Prophylaktische Inaktivierung statt Testung?

Infektionssicherheit von Blutprodukten

Durch organisatorische Maßnahmen und verbesserte Untersuchungstechniken konnte das Risiko für viele bedeutende transfusionsassoziierte Virusinfektionen in den letzten Jahren stark gesenkt werden. Noch mehr Patientensicherheit verspricht man sich in Zukunft durch Pathogen-Inaktivierung und Prozesssicherung. 

Schlüsselwörter: Transfusionsmedizin, Patientensicherheit, Pathogen-Inaktivierungs-Technologie

1825  führte der Londoner Geburtshelfer James Blundell die erste erfolgreiche homologe Trans­fusion beim Menschen durch, damals noch ohne jegliche Kenntnis der im Jahre 1900 entdeckten Blutgruppensysteme.

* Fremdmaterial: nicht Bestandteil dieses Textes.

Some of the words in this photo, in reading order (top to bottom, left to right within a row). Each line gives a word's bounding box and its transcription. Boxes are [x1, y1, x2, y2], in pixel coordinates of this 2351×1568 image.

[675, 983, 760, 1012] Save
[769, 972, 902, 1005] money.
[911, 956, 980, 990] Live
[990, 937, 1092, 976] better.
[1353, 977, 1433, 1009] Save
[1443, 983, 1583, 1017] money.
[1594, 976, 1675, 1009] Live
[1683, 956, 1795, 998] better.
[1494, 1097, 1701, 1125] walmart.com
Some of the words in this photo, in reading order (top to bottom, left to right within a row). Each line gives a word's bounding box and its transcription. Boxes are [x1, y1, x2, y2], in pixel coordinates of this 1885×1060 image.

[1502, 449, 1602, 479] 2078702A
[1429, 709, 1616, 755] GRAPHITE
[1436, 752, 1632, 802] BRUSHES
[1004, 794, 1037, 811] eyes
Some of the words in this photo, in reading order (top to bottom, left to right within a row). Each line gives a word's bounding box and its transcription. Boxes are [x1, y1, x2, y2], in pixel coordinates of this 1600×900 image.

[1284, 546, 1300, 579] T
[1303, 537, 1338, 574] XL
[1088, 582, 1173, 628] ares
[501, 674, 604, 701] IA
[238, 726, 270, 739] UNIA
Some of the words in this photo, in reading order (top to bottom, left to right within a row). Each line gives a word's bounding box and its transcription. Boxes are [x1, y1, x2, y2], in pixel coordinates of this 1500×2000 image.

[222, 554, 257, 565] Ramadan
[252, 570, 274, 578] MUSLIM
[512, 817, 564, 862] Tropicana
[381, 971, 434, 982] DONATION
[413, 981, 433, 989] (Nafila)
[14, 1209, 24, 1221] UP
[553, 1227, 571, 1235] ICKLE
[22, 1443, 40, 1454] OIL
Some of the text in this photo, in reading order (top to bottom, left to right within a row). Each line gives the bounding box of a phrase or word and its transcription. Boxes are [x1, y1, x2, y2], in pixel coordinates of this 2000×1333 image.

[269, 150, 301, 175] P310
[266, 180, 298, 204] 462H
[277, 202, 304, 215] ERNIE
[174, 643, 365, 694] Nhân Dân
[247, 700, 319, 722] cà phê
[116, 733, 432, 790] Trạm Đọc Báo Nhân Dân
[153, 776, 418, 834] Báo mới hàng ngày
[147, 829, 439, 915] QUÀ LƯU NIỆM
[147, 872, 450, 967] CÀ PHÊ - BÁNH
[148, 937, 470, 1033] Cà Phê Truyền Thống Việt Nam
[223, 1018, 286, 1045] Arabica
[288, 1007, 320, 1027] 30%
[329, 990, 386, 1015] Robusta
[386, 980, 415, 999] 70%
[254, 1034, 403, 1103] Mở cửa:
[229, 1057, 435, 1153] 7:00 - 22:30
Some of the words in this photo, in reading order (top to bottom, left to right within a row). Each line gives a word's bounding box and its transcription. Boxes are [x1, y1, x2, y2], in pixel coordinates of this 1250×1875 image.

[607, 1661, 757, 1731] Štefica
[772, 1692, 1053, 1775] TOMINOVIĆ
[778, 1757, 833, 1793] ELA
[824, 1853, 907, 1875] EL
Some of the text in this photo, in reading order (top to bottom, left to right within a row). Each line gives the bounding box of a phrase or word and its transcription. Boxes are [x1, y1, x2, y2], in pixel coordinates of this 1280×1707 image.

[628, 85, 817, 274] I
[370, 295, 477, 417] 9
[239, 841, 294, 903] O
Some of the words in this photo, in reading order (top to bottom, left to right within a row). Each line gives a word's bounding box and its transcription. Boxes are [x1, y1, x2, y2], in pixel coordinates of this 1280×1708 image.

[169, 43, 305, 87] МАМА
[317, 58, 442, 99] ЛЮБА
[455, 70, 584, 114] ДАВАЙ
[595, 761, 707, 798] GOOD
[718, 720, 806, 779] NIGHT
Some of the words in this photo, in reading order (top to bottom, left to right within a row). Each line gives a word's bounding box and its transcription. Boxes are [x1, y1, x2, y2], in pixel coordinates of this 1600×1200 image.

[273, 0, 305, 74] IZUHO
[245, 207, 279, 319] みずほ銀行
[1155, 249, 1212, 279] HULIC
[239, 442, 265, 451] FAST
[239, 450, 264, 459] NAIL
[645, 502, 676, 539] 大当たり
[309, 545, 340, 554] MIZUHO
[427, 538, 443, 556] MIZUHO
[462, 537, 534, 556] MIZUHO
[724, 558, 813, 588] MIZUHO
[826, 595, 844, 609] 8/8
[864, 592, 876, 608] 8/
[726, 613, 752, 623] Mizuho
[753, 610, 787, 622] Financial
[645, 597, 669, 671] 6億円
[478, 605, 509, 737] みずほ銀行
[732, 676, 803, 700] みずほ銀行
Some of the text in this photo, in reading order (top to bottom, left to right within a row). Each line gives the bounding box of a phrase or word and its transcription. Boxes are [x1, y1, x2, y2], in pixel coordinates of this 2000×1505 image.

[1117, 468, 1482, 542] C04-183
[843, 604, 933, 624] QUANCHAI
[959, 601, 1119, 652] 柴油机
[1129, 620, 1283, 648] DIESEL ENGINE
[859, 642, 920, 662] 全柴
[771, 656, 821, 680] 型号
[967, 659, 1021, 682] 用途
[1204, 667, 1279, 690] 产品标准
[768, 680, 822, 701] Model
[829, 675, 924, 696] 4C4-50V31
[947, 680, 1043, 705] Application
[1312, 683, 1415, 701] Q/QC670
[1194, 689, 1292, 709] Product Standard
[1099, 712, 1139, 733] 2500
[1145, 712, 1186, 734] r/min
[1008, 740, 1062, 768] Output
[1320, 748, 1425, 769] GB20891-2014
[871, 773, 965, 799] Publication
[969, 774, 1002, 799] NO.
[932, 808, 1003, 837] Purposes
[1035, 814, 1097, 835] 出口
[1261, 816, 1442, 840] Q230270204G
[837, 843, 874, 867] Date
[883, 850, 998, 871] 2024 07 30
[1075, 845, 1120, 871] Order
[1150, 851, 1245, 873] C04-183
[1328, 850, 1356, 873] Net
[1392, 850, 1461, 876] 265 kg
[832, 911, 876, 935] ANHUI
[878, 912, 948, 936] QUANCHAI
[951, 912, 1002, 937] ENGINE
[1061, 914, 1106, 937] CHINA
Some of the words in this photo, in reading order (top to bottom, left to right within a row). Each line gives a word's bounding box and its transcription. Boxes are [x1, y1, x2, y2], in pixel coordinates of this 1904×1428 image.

Nachdem im Jahr 1924 in Wien Testseren zur Kompatibilitätstestung eingeführt wurden, ging die AB0-assoziierte Morbidität und Mortalität deutlich zurück, und dieser Trend zu immer mehr Patientensicherheit hält bis heute an (Abb. 1). So kam es 2004 in Deutschland letztmalig zu einer transfusionsassoziierten HCV-Übertragung, und die letzten zwei bestätigten Fälle einer HIV-Übertragung durch Erythrozytenkonzentrate erfolgten in den Jahren 2007 und 2010 [1]. 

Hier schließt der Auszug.